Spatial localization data
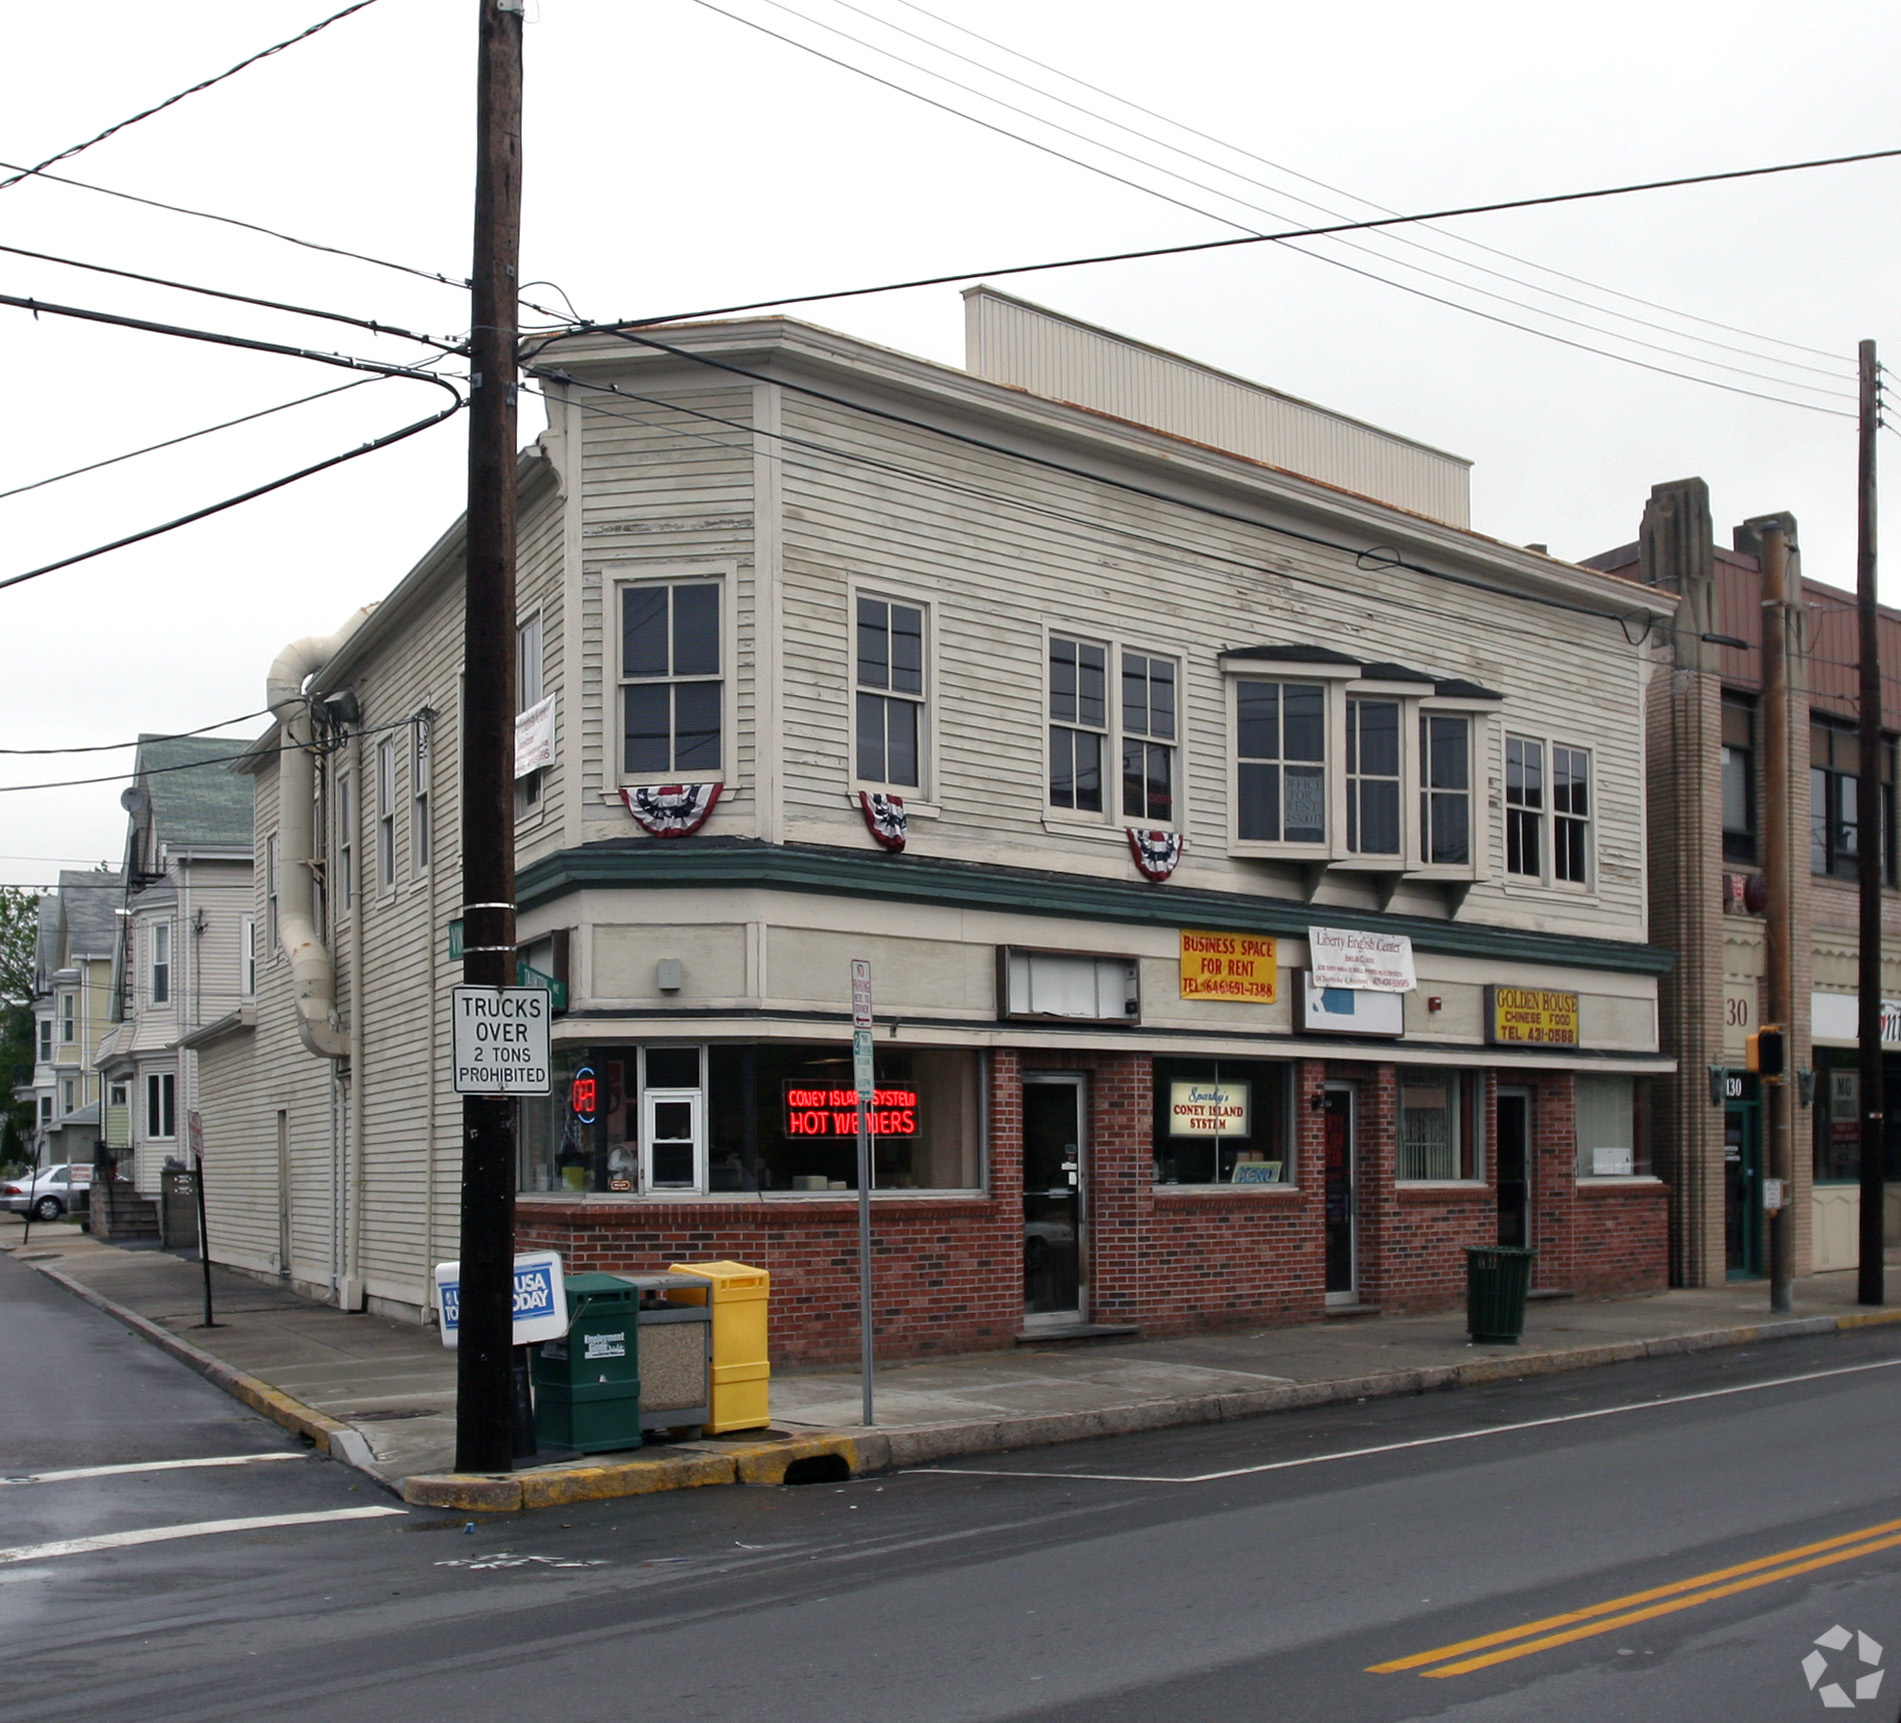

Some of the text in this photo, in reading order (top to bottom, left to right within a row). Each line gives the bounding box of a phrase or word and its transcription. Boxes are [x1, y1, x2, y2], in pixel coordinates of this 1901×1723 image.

[1183, 935, 1273, 957] BUSINESS SPACE
[1316, 932, 1401, 953] Liberty English Center
[1201, 957, 1255, 978] FOR RENT
[462, 997, 541, 1018] TRUCKS
[1497, 988, 1577, 1013] GOLDEN HOUSE
[1504, 1010, 1571, 1027] CHINESE FOOD
[476, 1022, 528, 1043] OVER
[474, 1047, 531, 1063] 2 TONS
[459, 1066, 546, 1083] PROHIBITED
[787, 1089, 826, 1107] CONEY
[871, 1089, 917, 1107] SYSTEM
[1173, 1104, 1244, 1118] CONEY ISLAND
[789, 1110, 916, 1135] HOT WENERS
[1190, 1118, 1226, 1130] SYSTEM
[1239, 1166, 1279, 1183] KENO
[513, 1273, 547, 1293] USA
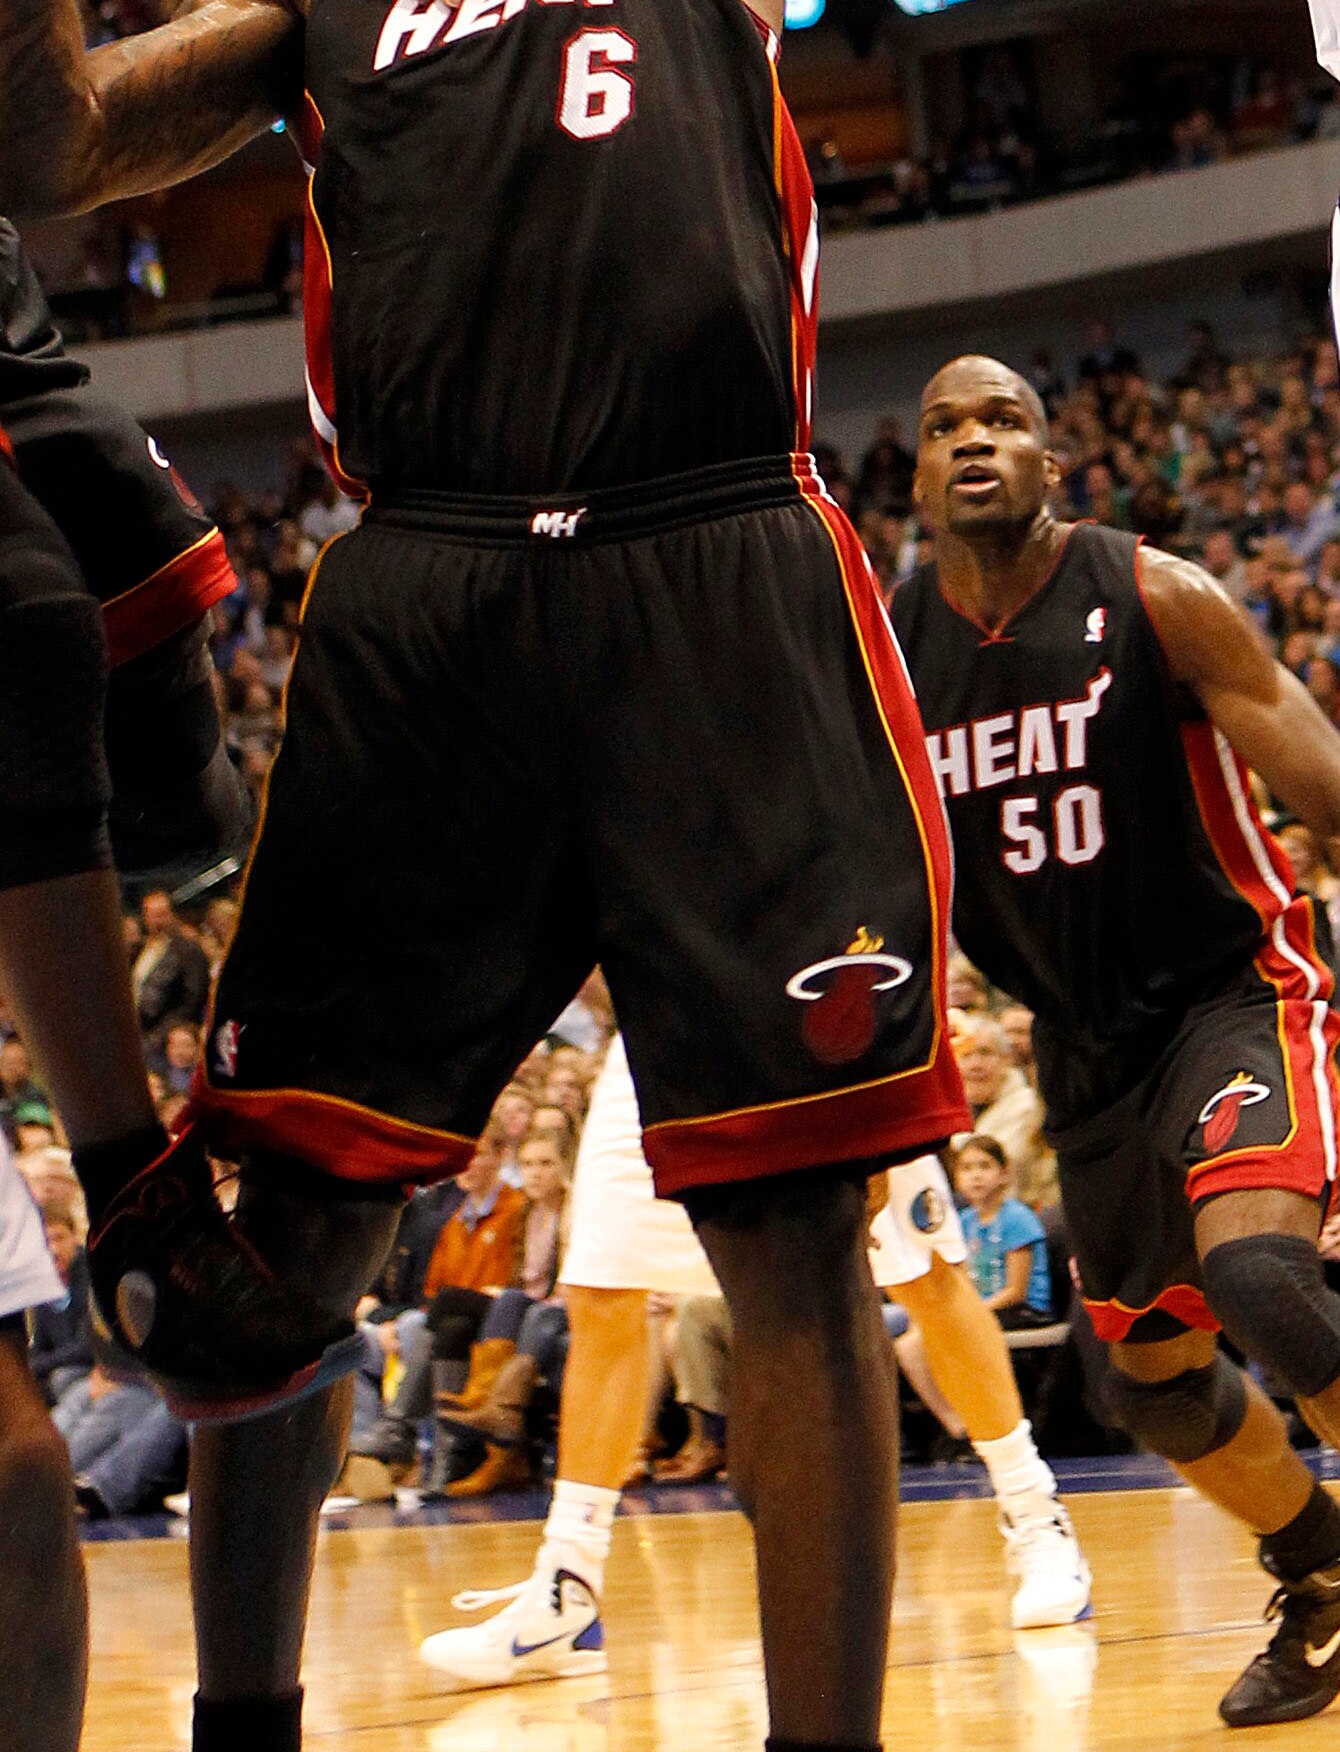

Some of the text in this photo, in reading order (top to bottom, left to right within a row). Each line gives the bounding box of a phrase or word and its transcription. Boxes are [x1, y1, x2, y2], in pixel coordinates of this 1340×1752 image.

[557, 26, 638, 140] 6
[924, 665, 1113, 798] HEAT
[1002, 784, 1105, 874] 50

> **ACTIVITY**
Where a line contains "this 1340×1752 image.", begin there and output each line through the end of the data above, exactly; give no other lines.

> **RESPONSE BELOW**
Some of the text in this photo, in reading order (top to bottom, left to right within a row). Each line gives the bounding box of a phrase or word and its transcription. Boxes are [x1, y1, x2, y2], in pixel coordinates of this 1340×1752 image.

[557, 26, 638, 140] 6
[924, 665, 1113, 798] HEAT
[1002, 784, 1105, 874] 50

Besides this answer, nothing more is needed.